**What the exercise asks**
Please repeat the whole listing exactly, but leave the pictures out.

=== The records ===

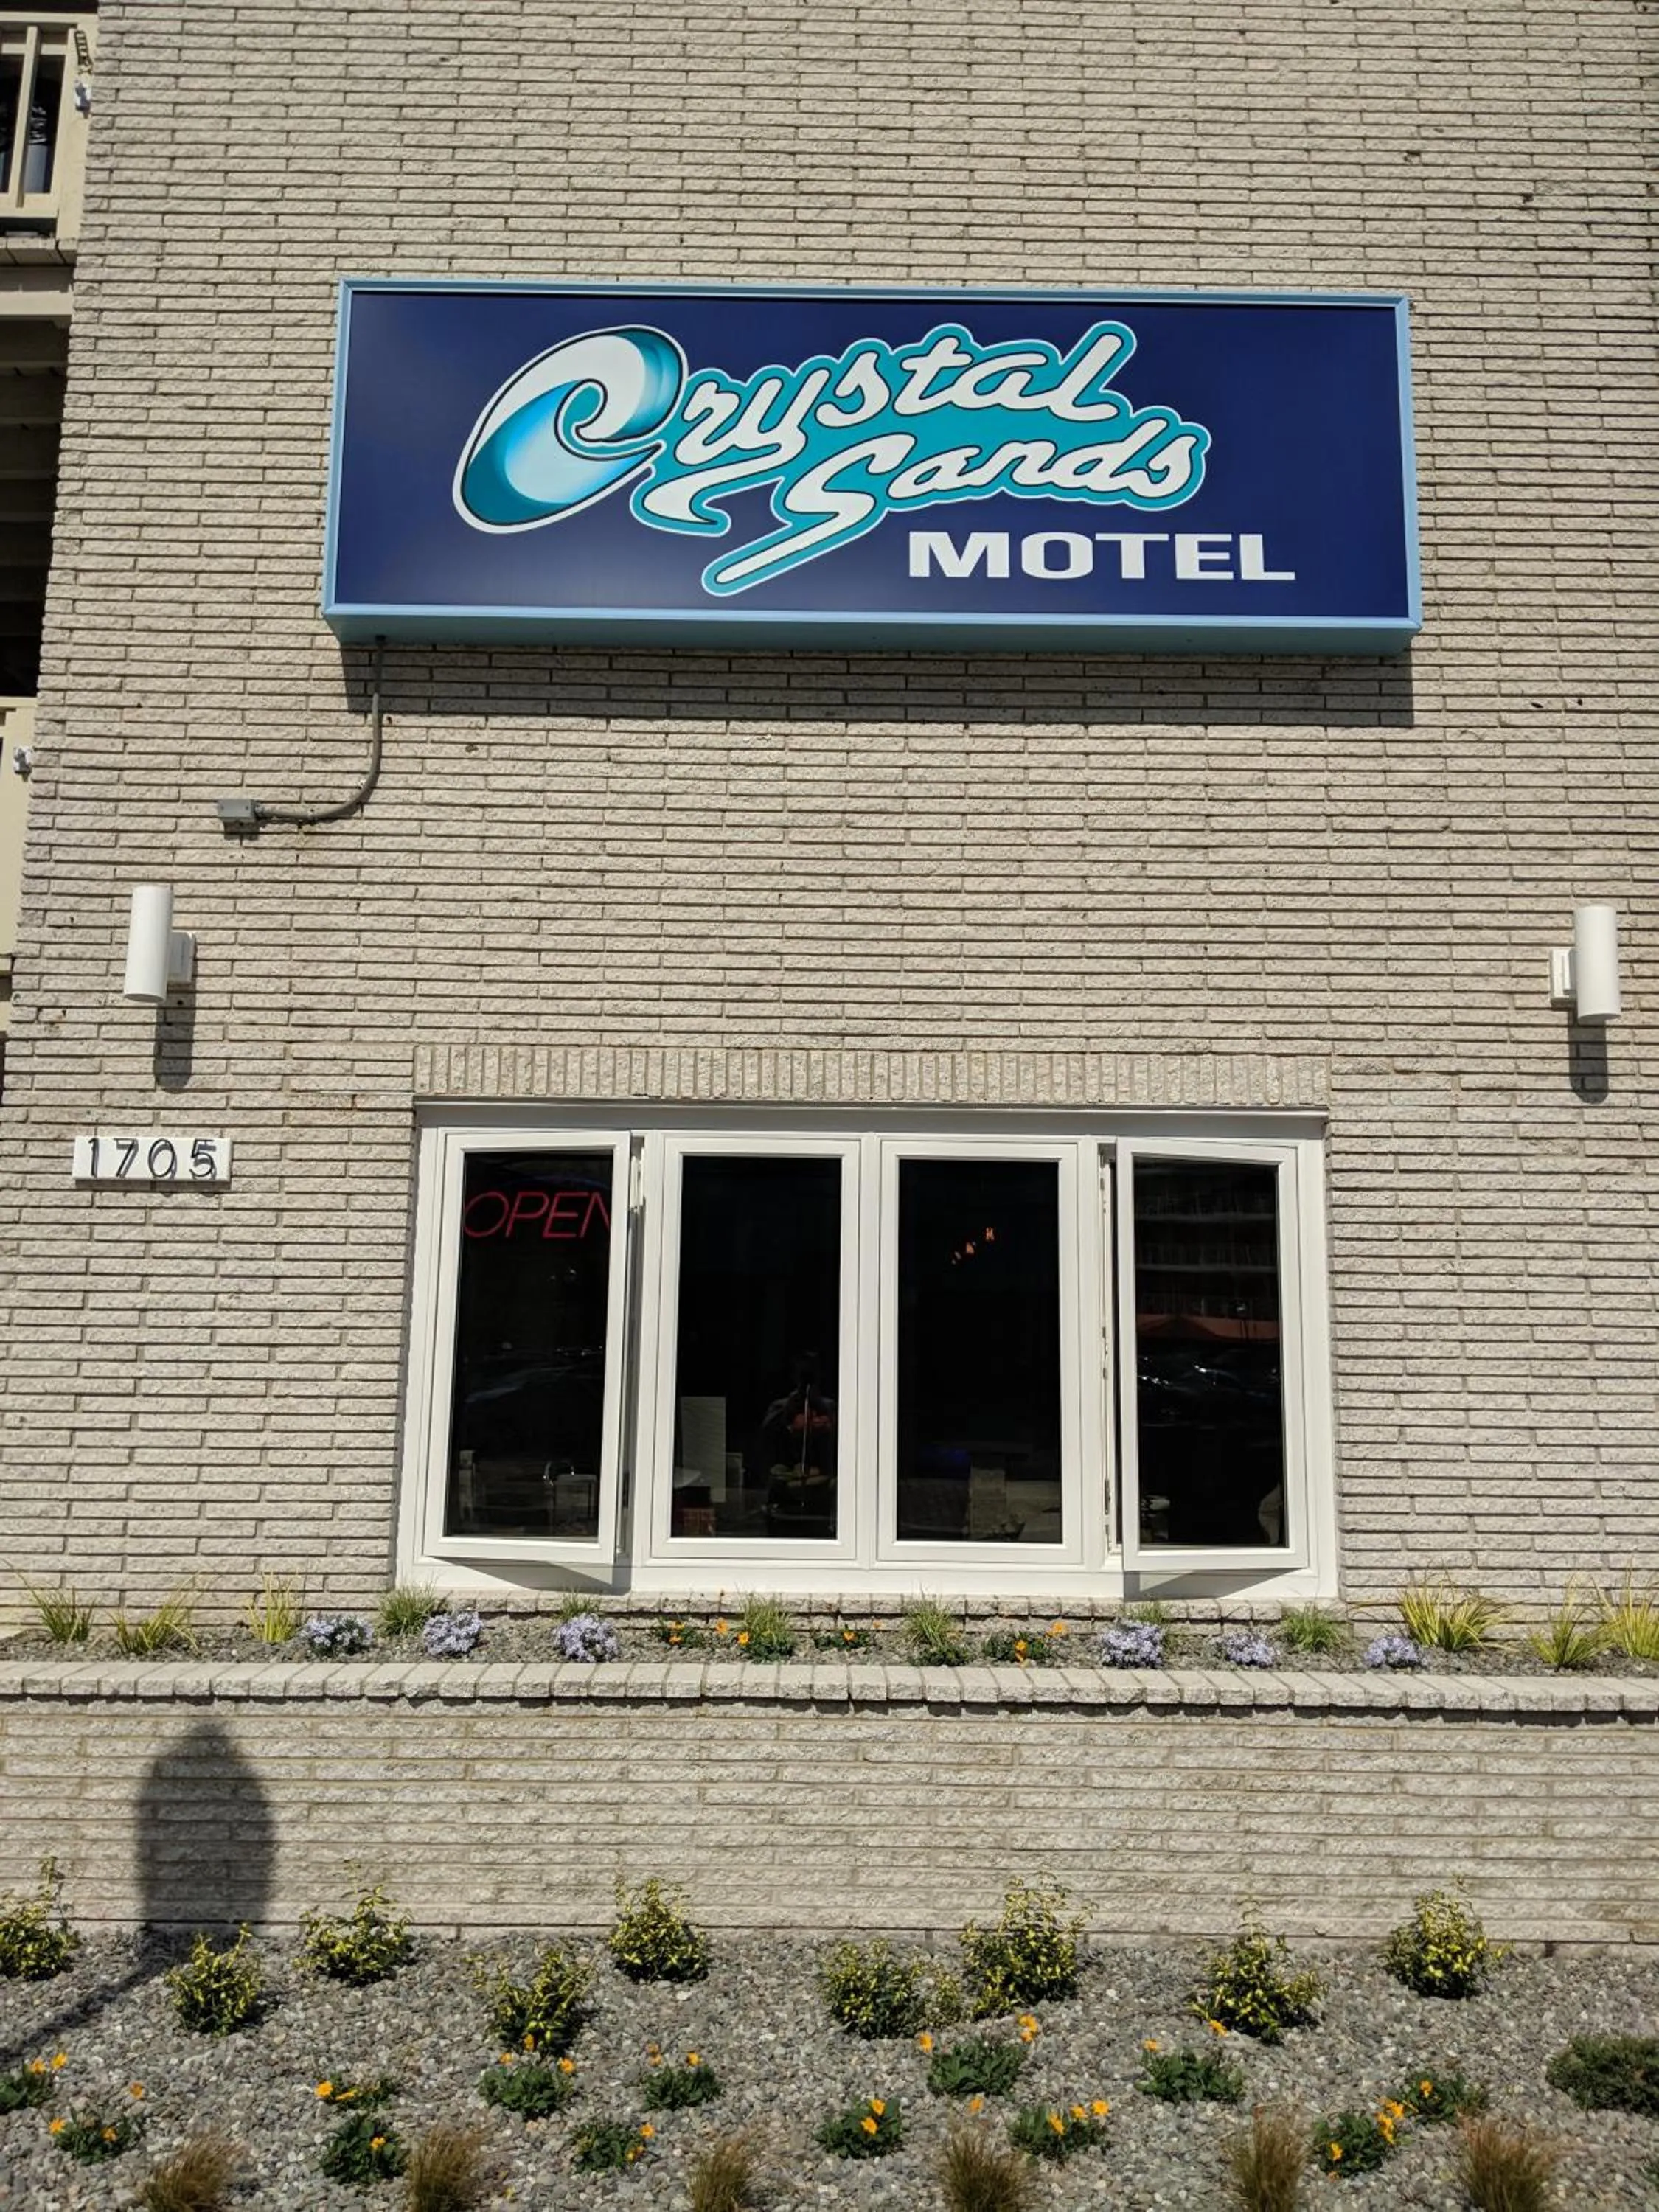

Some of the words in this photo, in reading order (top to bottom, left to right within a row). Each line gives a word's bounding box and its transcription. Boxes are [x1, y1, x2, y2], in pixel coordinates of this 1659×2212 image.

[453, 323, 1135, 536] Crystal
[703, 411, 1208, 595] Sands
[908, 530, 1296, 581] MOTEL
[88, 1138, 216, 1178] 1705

===

**Completed task**
Some of the words in this photo, in reading order (top to bottom, left to right within a row). Each line gives a word's bounding box and its transcription. Boxes are [x1, y1, x2, y2], in pixel coordinates of this 1659×2212 image.

[453, 323, 1135, 536] Crystal
[703, 411, 1208, 595] Sands
[908, 530, 1296, 581] MOTEL
[88, 1138, 216, 1178] 1705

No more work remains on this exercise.